I congratulate Senator Obama and Senator Biden on a remarkable achievement. I lived through the 50's and 60's and witnessed the injustices and saw the struggle that people went through to achieve the basic rights that were theirs. I grew up in upstate NY and mostly witnessed these things on TV. However, when I was a Junior in High School in 1961, I went on a trip to Mississippi. One night at dark, before we got to Mississippi, we drove past a KKK rally with a huge burning cross in the field and many people in white, hooded robes standing around and walking down the highway toward the rally and I was appalled. I saw state troopers directing traffic and I was appalled. Then later I saw a gas station restroom with a sign that said, "WHITES ONLY." I was appalled (and the room was filthy and this white boy didn't want to use it anyway). Then, in a village park was a water fountain and it had a sign that said, "WHITES ONLY" and I was appalled.

When I was in college, James Meredith came and spoke to us. A few years earlier he fought to attend the University of Mississippi. He finally won a lawsuit that allowed him to attend, but over the course of several days when he tried to attend, the governor of Mississippi blocked his way. Finally at the end of September 1962, a force of U.S. Marshals went with him to guard him. That evening white students began rioting and firing on the marshals guarding him. Two bystanders were killed, 28 marshals suffered gunshot wounds, and 160 other marshals were injured. President Kennedy sent in regular Army troops and James was able to begin attending classes. When he described his struggles to attend college classes with tears rolling down his cheeks, I was ashamed because I realized I didn't want to attend some classes because they were too early in the morning and I wanted to sleep in.

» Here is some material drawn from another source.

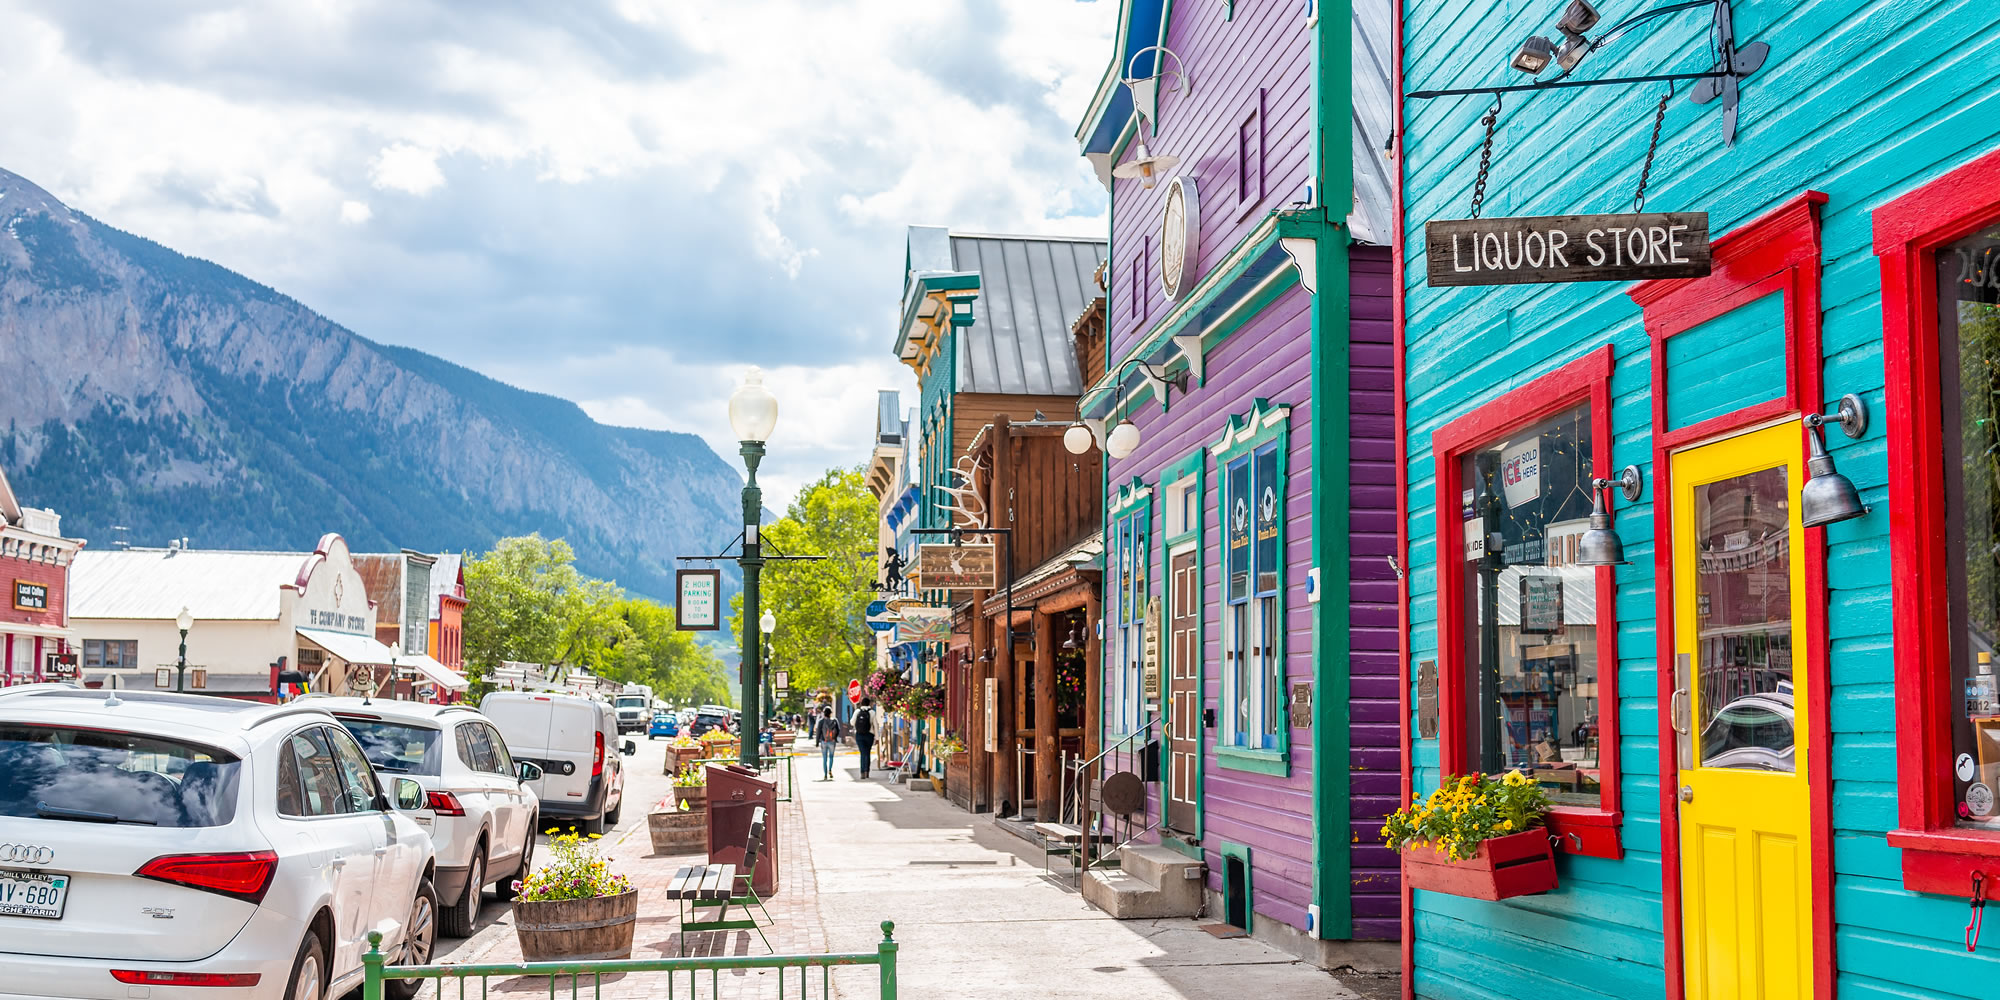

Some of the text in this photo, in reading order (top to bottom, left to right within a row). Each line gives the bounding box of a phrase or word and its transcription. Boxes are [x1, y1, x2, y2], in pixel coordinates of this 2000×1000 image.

Over the years I have heard the racist comments from friends and sometimes family, including on occasion from my own dad that shocked me. And now we have elected our first black President! Watching the race riots on television in the 60's, I never would have thought this could happen in my lifetime. We have come a long way.

Now, I hope that race will NEVER be an issue in the future and we will only look at the candidate's qualifications and his or her stand on the issues. Have we settled this issue for ever? Perhaps not, but we have come a long way! 2008 has proven than any child born in the USA can grow up to be President and our democratic process still works.

Romans 13:1-7 says:
1 Everyone must submit himself to the governing authorities, for there is no authority except that which God has established. The authorities that exist have been established by God. 2 Consequently, he who rebels against the authority is rebelling against what God has instituted, and those who do so will bring judgment on themselves. 3 For rulers hold no terror for those who do right, but for those who do wrong. Do you want to be free from fear of the one in authority? Then do what is right and he will commend you. 4 For he is God's servant to do you good. But if you do wrong, be afraid, for he does not bear the sword for nothing. He is God's servant, an agent of wrath to bring punishment on the wrongdoer. 5 Therefore, it is necessary to submit to the authorities, not only because of possible punishment but also because of conscience. 6 This is also why you pay taxes, for the authorities are God's servants, who give their full time to governing. 7 Give everyone what you owe him: If you owe taxes, pay taxes; if revenue, then revenue; if respect, then respect; if honor, then honor.

Pray the authorities live up to and follow their God given responsibilities.